__Your goal__
The records are given next. Repeat each one exactly.

__Records to process__
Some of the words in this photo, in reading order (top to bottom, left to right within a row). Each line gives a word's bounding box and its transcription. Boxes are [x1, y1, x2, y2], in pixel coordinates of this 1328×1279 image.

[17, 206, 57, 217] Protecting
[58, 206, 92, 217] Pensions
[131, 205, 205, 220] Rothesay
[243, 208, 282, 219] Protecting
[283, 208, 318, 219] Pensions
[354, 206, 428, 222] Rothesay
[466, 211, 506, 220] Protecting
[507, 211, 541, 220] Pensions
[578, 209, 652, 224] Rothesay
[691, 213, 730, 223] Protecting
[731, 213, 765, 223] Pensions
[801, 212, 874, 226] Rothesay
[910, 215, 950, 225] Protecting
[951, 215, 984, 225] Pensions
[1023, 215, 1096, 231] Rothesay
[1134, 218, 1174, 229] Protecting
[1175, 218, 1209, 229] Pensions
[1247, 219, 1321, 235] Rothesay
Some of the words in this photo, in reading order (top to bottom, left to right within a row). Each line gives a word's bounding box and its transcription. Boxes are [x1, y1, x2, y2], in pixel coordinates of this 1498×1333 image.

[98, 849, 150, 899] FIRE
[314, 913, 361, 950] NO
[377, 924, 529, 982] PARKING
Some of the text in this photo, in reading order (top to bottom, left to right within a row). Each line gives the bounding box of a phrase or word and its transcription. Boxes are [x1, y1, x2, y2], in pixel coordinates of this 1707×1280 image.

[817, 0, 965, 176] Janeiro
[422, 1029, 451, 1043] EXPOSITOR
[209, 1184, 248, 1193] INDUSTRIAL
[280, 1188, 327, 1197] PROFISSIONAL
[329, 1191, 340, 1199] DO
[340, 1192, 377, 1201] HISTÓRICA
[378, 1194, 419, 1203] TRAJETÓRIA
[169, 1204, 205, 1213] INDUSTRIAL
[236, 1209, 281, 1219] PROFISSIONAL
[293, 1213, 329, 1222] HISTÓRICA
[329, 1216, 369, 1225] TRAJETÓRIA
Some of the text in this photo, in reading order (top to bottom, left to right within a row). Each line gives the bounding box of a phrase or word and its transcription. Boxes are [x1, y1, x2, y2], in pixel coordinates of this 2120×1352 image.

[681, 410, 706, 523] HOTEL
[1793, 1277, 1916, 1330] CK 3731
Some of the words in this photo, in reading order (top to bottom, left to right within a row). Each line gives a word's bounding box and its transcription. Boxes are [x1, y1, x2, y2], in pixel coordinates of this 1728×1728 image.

__Final answer__
Some of the words in this photo, in reading order (top to bottom, left to right within a row). Each line gives a word's bounding box and its transcription. Boxes are [x1, y1, x2, y2], in pixel coordinates of this 1328×1279 image.

[17, 206, 57, 217] Protecting
[58, 206, 92, 217] Pensions
[131, 205, 205, 220] Rothesay
[243, 208, 282, 219] Protecting
[283, 208, 318, 219] Pensions
[354, 206, 428, 222] Rothesay
[466, 211, 506, 220] Protecting
[507, 211, 541, 220] Pensions
[578, 209, 652, 224] Rothesay
[691, 213, 730, 223] Protecting
[731, 213, 765, 223] Pensions
[801, 212, 874, 226] Rothesay
[910, 215, 950, 225] Protecting
[951, 215, 984, 225] Pensions
[1023, 215, 1096, 231] Rothesay
[1134, 218, 1174, 229] Protecting
[1175, 218, 1209, 229] Pensions
[1247, 219, 1321, 235] Rothesay
Some of the words in this photo, in reading order (top to bottom, left to right within a row). Each line gives a word's bounding box and its transcription. Boxes are [x1, y1, x2, y2], in pixel coordinates of this 1498×1333 image.

[98, 849, 150, 899] FIRE
[314, 913, 361, 950] NO
[377, 924, 529, 982] PARKING
Some of the text in this photo, in reading order (top to bottom, left to right within a row). Each line gives the bounding box of a phrase or word and its transcription. Boxes are [x1, y1, x2, y2], in pixel coordinates of this 1707×1280 image.

[817, 0, 965, 176] Janeiro
[422, 1029, 451, 1043] EXPOSITOR
[209, 1184, 248, 1193] INDUSTRIAL
[280, 1188, 327, 1197] PROFISSIONAL
[329, 1191, 340, 1199] DO
[340, 1192, 377, 1201] HISTÓRICA
[378, 1194, 419, 1203] TRAJETÓRIA
[169, 1204, 205, 1213] INDUSTRIAL
[236, 1209, 281, 1219] PROFISSIONAL
[293, 1213, 329, 1222] HISTÓRICA
[329, 1216, 369, 1225] TRAJETÓRIA
Some of the text in this photo, in reading order (top to bottom, left to right within a row). Each line gives the bounding box of a phrase or word and its transcription. Boxes are [x1, y1, x2, y2], in pixel coordinates of this 2120×1352 image.

[681, 410, 706, 523] HOTEL
[1793, 1277, 1916, 1330] CK 3731
Some of the words in this photo, in reading order (top to bottom, left to right within a row). Each line gives a word's bounding box and its transcription. Boxes are [x1, y1, x2, y2], in pixel coordinates of this 1728×1728 image.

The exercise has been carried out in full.